In 1898, vaudeville actors Saint Suttle and Gertie Brown joyously embraced in a short silent film titled Something Good—Negro Kiss. The first known film to portray African American affection, it was lost for over a century until its rediscovery inspired contemporary audiences with a powerful and enduring depiction of Black love. More than a missing piece in an untold history of Black cinematic performance, Something Good—and the magnetism of Suttle and Brown—attests to the power of Black performance on stage and screen from the nineteenth century to today.

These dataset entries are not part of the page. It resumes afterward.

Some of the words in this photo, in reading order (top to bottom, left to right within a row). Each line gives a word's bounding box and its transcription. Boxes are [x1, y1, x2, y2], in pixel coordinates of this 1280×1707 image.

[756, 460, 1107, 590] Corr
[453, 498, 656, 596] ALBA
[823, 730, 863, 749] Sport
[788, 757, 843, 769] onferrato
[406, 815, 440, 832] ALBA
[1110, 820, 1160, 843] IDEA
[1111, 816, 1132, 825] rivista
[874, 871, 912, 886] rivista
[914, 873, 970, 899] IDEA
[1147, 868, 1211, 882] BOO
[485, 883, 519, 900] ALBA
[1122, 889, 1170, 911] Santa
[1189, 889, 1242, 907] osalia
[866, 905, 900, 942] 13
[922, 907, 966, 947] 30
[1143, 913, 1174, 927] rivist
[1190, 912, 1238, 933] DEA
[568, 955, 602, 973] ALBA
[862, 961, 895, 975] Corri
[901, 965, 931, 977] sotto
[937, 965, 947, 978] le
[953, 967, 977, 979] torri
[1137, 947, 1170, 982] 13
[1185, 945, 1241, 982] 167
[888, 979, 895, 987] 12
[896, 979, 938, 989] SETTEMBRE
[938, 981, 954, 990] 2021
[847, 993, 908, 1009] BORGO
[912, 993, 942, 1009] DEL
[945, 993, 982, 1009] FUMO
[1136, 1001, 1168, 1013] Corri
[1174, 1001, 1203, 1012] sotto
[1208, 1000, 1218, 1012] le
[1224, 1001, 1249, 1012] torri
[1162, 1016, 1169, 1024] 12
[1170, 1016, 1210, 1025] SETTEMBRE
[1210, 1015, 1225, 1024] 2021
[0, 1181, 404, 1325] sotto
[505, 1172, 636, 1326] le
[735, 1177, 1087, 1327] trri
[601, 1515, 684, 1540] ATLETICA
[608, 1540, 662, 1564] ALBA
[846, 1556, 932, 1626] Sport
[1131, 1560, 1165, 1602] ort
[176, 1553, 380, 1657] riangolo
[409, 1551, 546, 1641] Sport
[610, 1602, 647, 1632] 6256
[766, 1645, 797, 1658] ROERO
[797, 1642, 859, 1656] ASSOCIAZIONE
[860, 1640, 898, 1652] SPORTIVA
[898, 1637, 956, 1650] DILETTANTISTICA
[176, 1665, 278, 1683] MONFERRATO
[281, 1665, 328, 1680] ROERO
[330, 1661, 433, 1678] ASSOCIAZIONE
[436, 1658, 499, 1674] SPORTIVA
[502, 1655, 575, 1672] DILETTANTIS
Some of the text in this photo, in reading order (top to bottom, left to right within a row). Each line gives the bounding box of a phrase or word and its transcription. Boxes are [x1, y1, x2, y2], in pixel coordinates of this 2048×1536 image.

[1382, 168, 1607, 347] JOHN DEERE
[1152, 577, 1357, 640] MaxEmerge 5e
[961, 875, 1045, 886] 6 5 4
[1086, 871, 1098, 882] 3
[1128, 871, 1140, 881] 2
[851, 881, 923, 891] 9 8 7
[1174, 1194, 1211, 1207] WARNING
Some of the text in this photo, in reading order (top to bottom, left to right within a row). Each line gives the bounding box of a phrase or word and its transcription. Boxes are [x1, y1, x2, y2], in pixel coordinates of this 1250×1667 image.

In Acts of Love, Allyson Nadia Field tells the story of Something Good and recovers the forgotten yet fascinating lives of its performers and their world. Drawing a vivid picture from sparse historical records, Acts of Love examines popular culture's negotiation of blackness to reconsider the intersections of minstrelsy, vaudeville, and cinema in ragtime America. This book not only presents the story of Something Good, its performers, and the drama of its rediscovery; it shows how the rediscovery of this short early film changes our understanding of American film history.
PUBLISHERS WEEKLY
In 2017, an archivist at the University of Southern California discovered a nitrate print of a forgotten early ragtime-era film that revises notions of Black representation in early American cinema. This rigorous history from Field (Uplift Cinema), an associate professor of cinema at the University of Chicago, unpacks the significance of the film, Something Good—Negro Kiss, which depicts a young Black man and woman, played by actors Saint Suttle and Gertie Brown, "joyously embracing," and represents a departure from 19th-century film, which relegated Black actors to demeaning roles as racist caricatures or comic buffoons. The newly discovered film, made by William Selig in 1898, was not a mockery of Black courtship for the benefit of "white gawkers," according to the author, but a "media savvy" play on the first onscreen kiss, filmed in 1896 between John C. Rice and May Irwin, a well-known white minstrel actress. In remaking the Rice-Irwin film with Black actors, Something Good implicitly mocked Irwin's "racial masquerade," calling out "minstrelsy's grotesque fantasies of blackness" while speaking to Black humanity, romance, and desire. In the face of a sparse historical record, Field performs impressive sleuthing to detail the film's production, distribution, and historical context, while also exploring remakes by contemporary filmmakers in such shorts as 2020's Glenville. The result is a nuanced study that expands notions of Black representation in early American film.